くだらないことには心を動かされない、確固とした己の信念を持ち
合わせている姿を示す。

西郷隆盛のような人であるという。その前に立つと、ぐいとひき込
まそうな魅力である。無為にして化する魅力である。

呂新吾は、「天下の大難を定むる者はこの人なり。天下の大事を弁
ずるはこの人なり」という。

木鶏(もくけい)のように成ることとも言える。
木鶏とは、
 1.「競わず」むやみと余計な競争心をかりたてないこと。
 2.「てらわず」自分を自分以上にみせようとしないこと。
 3.「瞳を動かさず」落ちかぬ態度で、あたりをきょろきょろ
   見回さぬこと。
 4.「静かなること木鶏の如し」木彫の鶏の如く、静かに自己
   をみつめること

これができないと、尊敬できる人物とはならない。


「磊落豪雄」(らいらくごうゆう)とは、磊落とは大きな石がごろ
ごろと無造作に転がっている状態を云う。つまり型にはまらない。
細かいことに拘らず、度量が大きい様。陽性の人物である。


「聡明才弁」とは、頭のよく弁も立つ、いわゆる口八丁手八丁だが
、そのような人物は、えてして、軽薄才子の謗を免れ得ない。

しかし、初めから「深沈厚重」はできない。

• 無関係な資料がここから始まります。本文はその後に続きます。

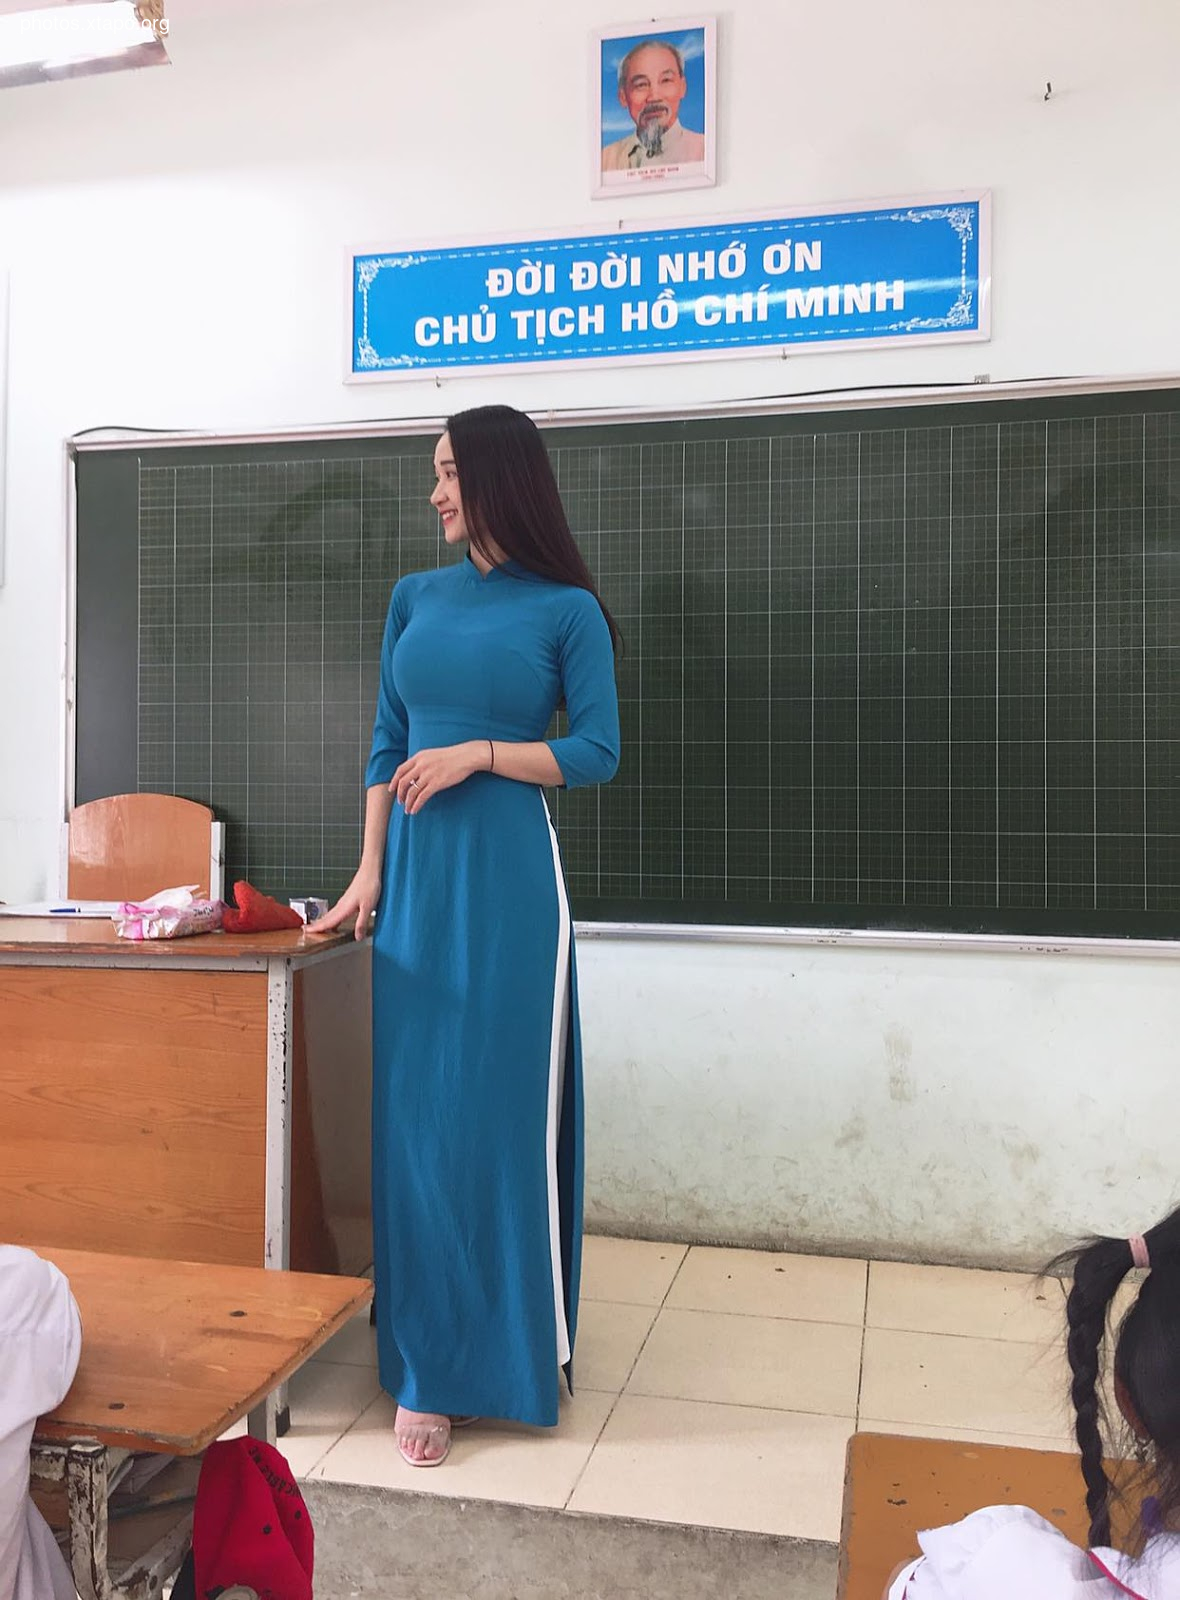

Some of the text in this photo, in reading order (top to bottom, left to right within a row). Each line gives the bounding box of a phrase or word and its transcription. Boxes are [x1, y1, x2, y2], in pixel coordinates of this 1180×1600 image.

[485, 239, 822, 298] ĐỜI ĐỜI NHỚ ƠN
[414, 279, 905, 348] CHỦ TỊCH HỒ CHÍ MINH

人物としてできるため
には、聡明才弁=>磊落豪雄=>深沈厚重の順を追って人物になる
訓練をして始めてできることである。

若い人は、まずは聡明才弁であることが重要でしょうね。しかし、
深沈厚重な人がほとんどいないように感じる。さびしい時代になっ
たもんだと思うことが多い。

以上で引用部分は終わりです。